Reproduce the data below in full and to the letter, images excepted.

[Records]

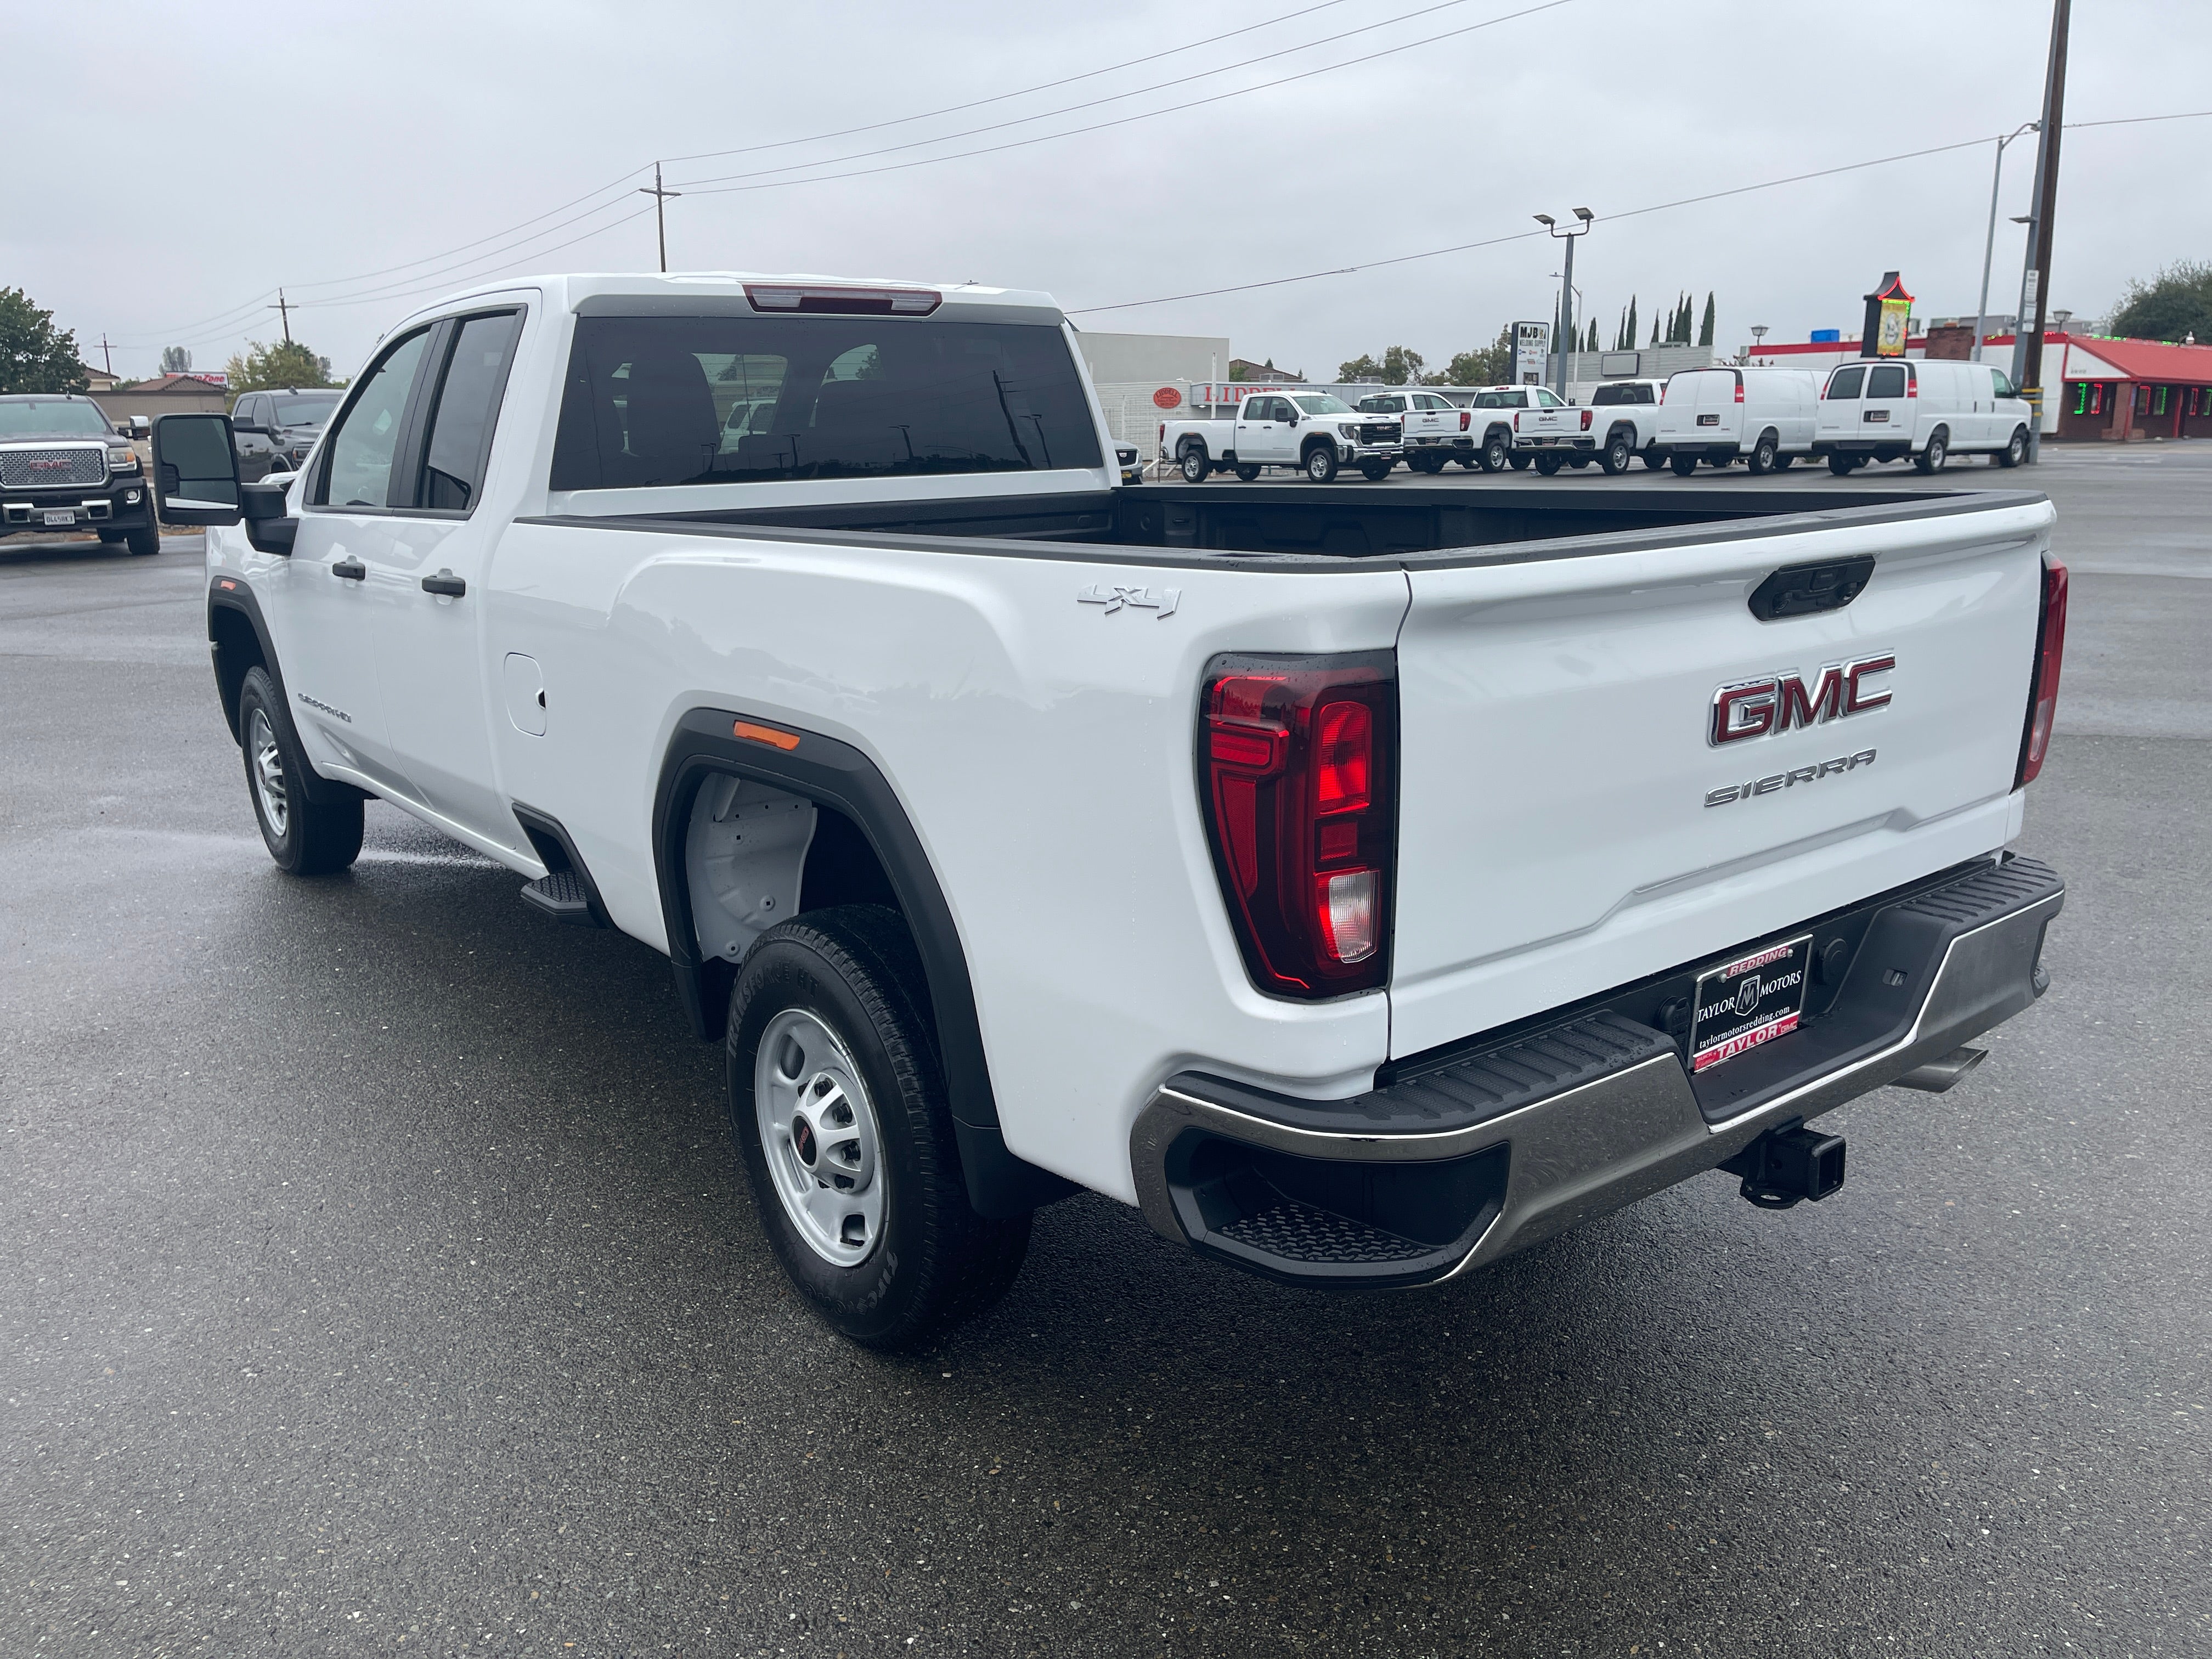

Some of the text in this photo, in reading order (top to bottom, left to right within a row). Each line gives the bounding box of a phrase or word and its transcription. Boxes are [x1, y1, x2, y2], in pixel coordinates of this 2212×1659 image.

[1520, 326, 1538, 338] MJB
[1707, 652, 1896, 748] GMC
[1704, 747, 1877, 808] SIERRA
[1729, 947, 1787, 976] REDDING
[1697, 996, 1736, 1023] TAYLOR
[1759, 970, 1802, 997] MOTORS
[1699, 1006, 1790, 1049] taylormotorsredding.com
[1717, 1024, 1779, 1059] TAYLOR

[/Records]

### Solution below
Some of the text in this photo, in reading order (top to bottom, left to right within a row). Each line gives the bounding box of a phrase or word and its transcription. Boxes are [x1, y1, x2, y2], in pixel coordinates of this 2212×1659 image.

[1520, 326, 1538, 338] MJB
[1707, 652, 1896, 748] GMC
[1704, 747, 1877, 808] SIERRA
[1729, 947, 1787, 976] REDDING
[1697, 996, 1736, 1023] TAYLOR
[1759, 970, 1802, 997] MOTORS
[1699, 1006, 1790, 1049] taylormotorsredding.com
[1717, 1024, 1779, 1059] TAYLOR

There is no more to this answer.